WHAT NEEDS TO BE DONE – Give back an exact copy of the listing that follows, without the pictures.

ENTRIES SHOWN –
▬▬▬▬▬▬▬▬▬▬
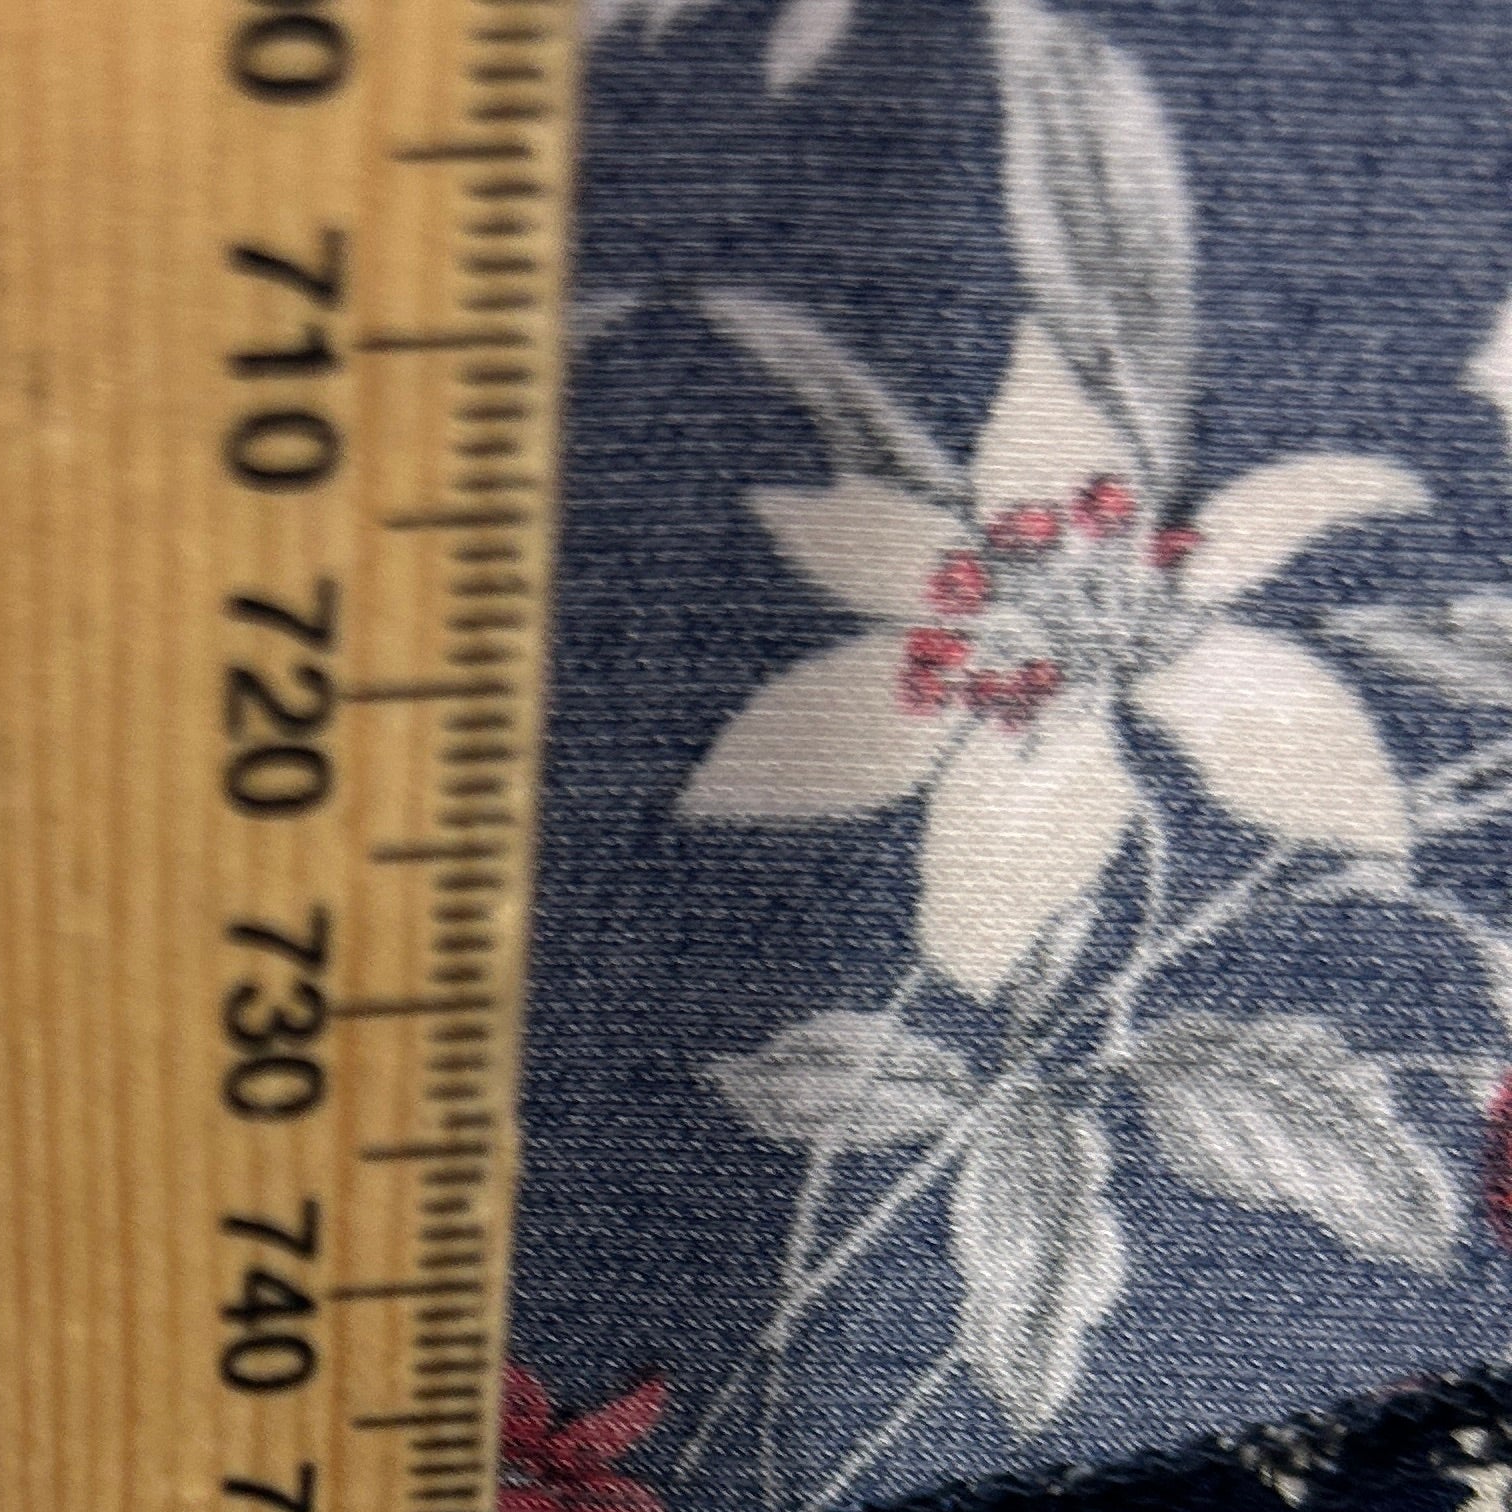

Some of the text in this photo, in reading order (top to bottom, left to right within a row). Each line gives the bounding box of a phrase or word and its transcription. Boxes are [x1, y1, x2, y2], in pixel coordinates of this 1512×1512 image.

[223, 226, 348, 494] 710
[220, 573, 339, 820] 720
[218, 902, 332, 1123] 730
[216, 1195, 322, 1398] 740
▬▬▬▬▬▬▬▬▬▬
SOLUTION TO THE EXERCISE –
Some of the text in this photo, in reading order (top to bottom, left to right within a row). Each line gives the bounding box of a phrase or word and its transcription. Boxes are [x1, y1, x2, y2], in pixel coordinates of this 1512×1512 image.

[223, 226, 348, 494] 710
[220, 573, 339, 820] 720
[218, 902, 332, 1123] 730
[216, 1195, 322, 1398] 740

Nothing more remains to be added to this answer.